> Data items

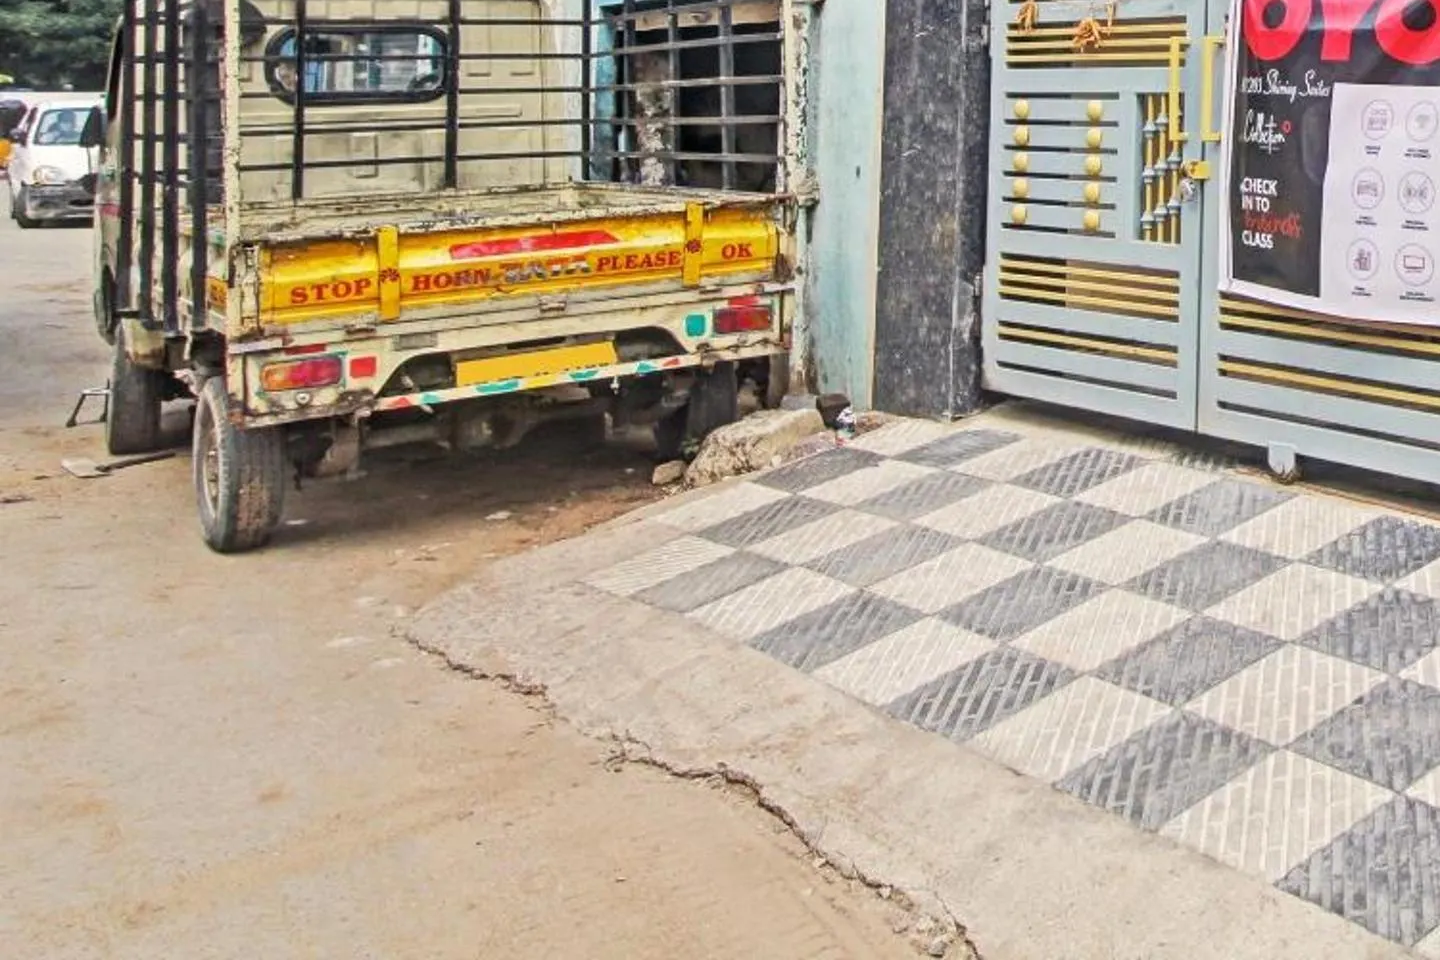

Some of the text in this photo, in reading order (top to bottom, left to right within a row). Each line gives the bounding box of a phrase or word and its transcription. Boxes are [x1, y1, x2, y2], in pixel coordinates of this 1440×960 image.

[1241, 177, 1278, 196] CHECK
[1242, 195, 1270, 212] IN TO
[1242, 230, 1274, 249] CLASS
[291, 278, 371, 304] STOP
[412, 268, 491, 291] HORN
[596, 250, 682, 272] PLEASE
[721, 243, 753, 260] OK
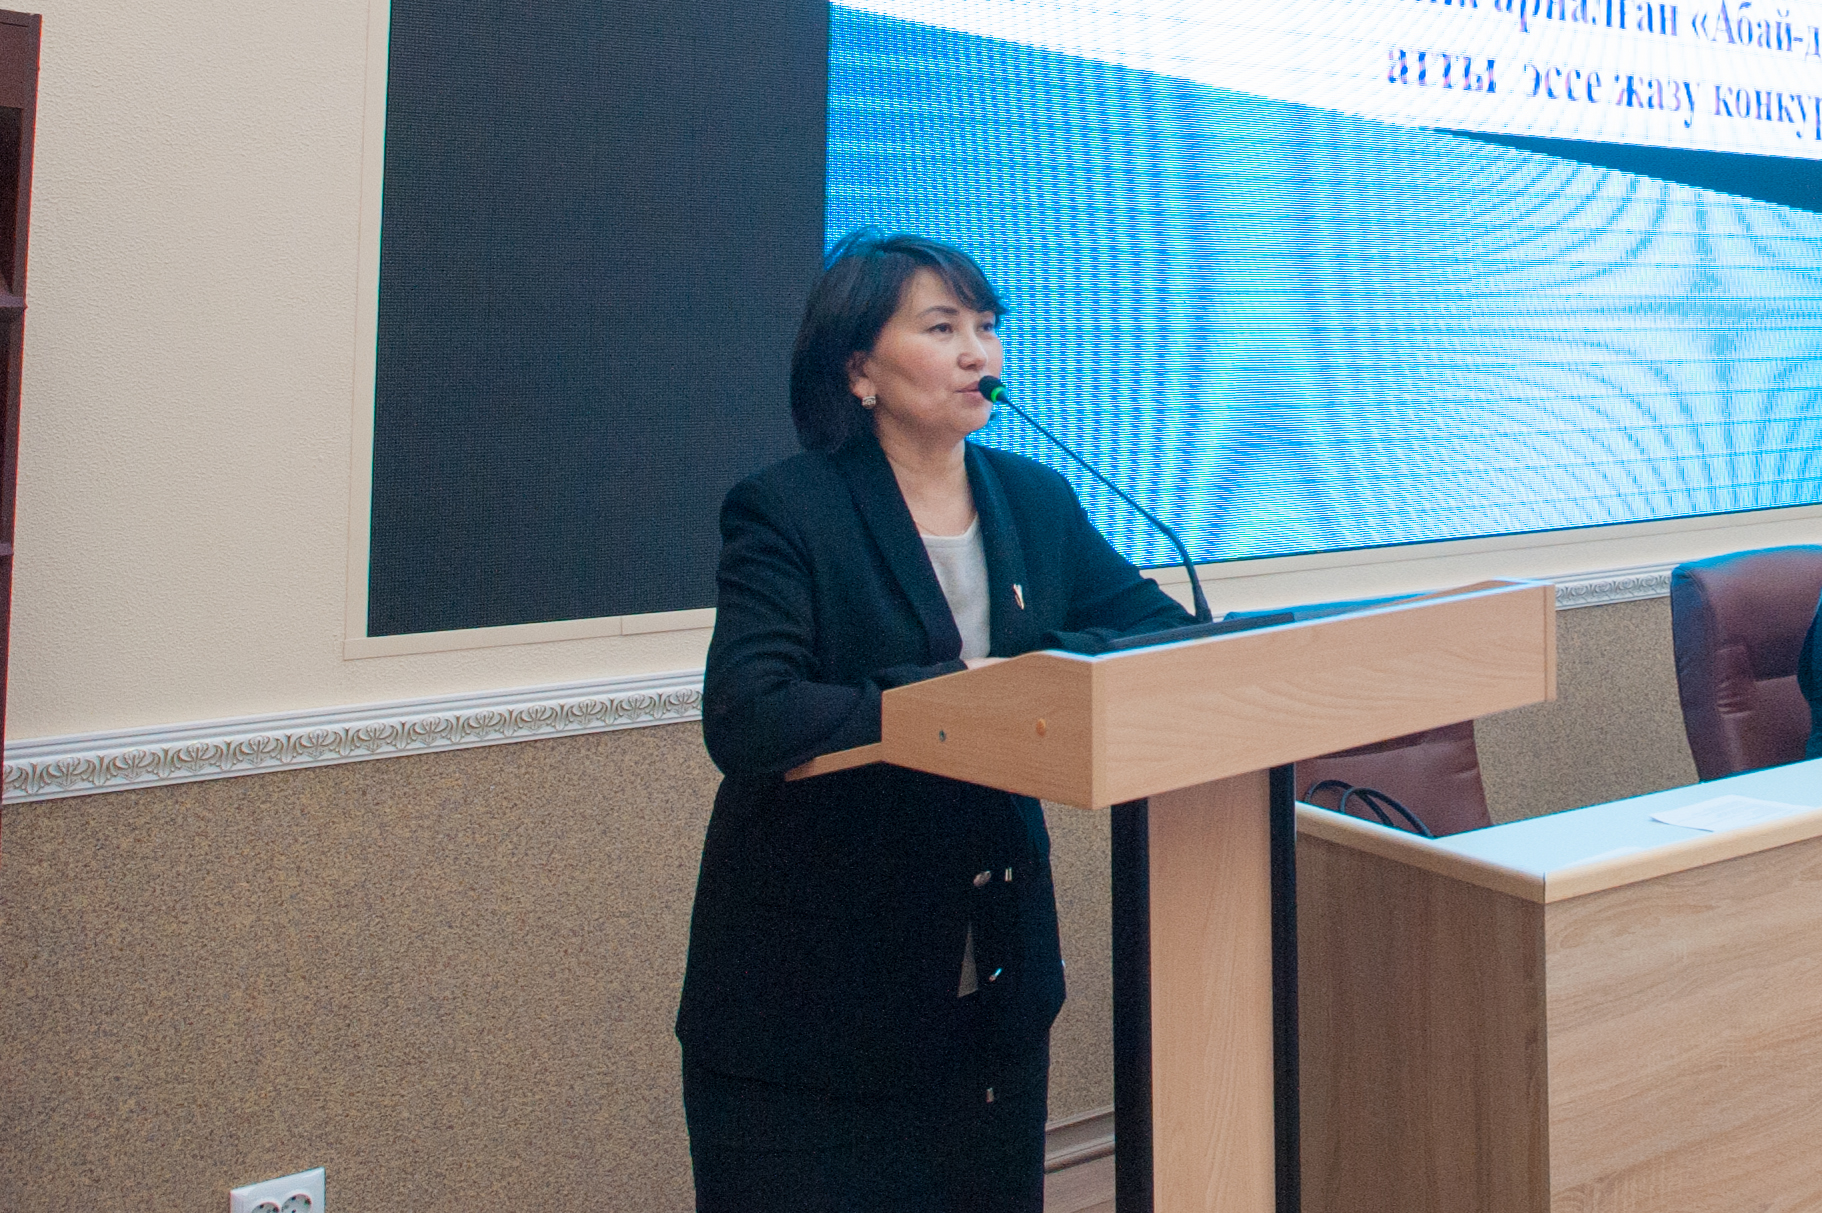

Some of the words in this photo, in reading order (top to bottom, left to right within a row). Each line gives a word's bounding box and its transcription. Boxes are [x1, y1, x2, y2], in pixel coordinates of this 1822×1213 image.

[1387, 48, 1496, 93] атты
[1523, 62, 1601, 103] эссе
[1615, 70, 1700, 127] жазу

> Exercise aim
Your answer should consist only of the lines from the one that holds "Some of the words" to the end of the entries above, both ends included, each repeated exactly.

> Result
Some of the words in this photo, in reading order (top to bottom, left to right within a row). Each line gives a word's bounding box and its transcription. Boxes are [x1, y1, x2, y2], in pixel coordinates of this 1822×1213 image.

[1387, 48, 1496, 93] атты
[1523, 62, 1601, 103] эссе
[1615, 70, 1700, 127] жазу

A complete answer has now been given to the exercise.